Brief:
Skip the images and print the listing exactly.

───

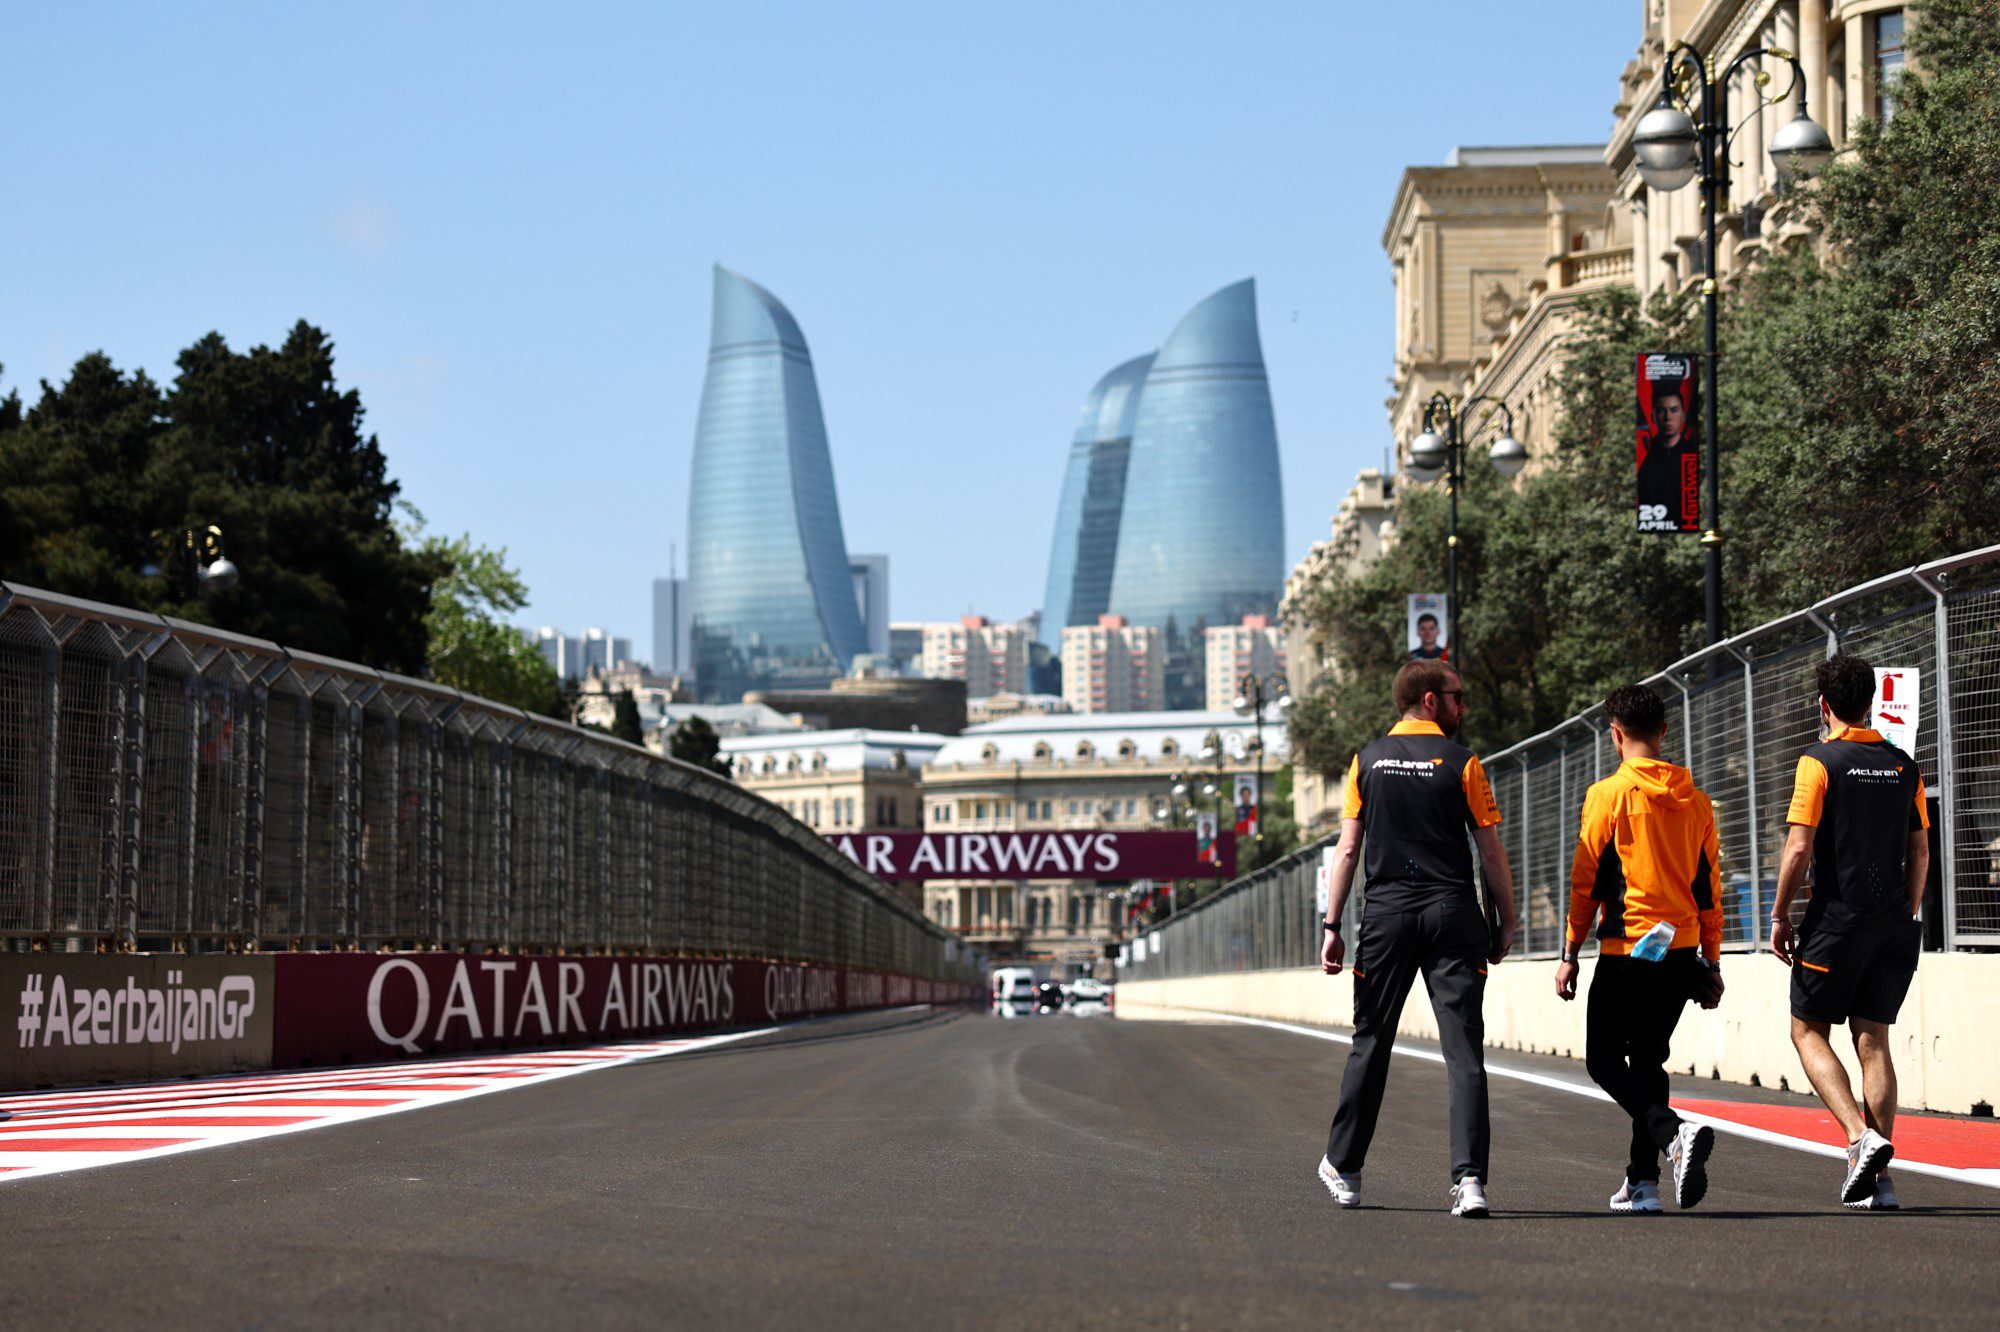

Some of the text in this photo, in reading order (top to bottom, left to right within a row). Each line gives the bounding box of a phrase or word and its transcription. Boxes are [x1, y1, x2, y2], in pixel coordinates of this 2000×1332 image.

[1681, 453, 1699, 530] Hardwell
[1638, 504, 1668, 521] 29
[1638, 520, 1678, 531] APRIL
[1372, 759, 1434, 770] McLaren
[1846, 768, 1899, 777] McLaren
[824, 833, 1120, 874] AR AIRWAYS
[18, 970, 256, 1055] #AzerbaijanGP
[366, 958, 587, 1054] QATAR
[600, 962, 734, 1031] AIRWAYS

───

Reply to the task:
Some of the text in this photo, in reading order (top to bottom, left to right within a row). Each line gives the bounding box of a phrase or word and its transcription. Boxes are [x1, y1, x2, y2], in pixel coordinates of this 2000×1332 image.

[1681, 453, 1699, 530] Hardwell
[1638, 504, 1668, 521] 29
[1638, 520, 1678, 531] APRIL
[1372, 759, 1434, 770] McLaren
[1846, 768, 1899, 777] McLaren
[824, 833, 1120, 874] AR AIRWAYS
[18, 970, 256, 1055] #AzerbaijanGP
[366, 958, 587, 1054] QATAR
[600, 962, 734, 1031] AIRWAYS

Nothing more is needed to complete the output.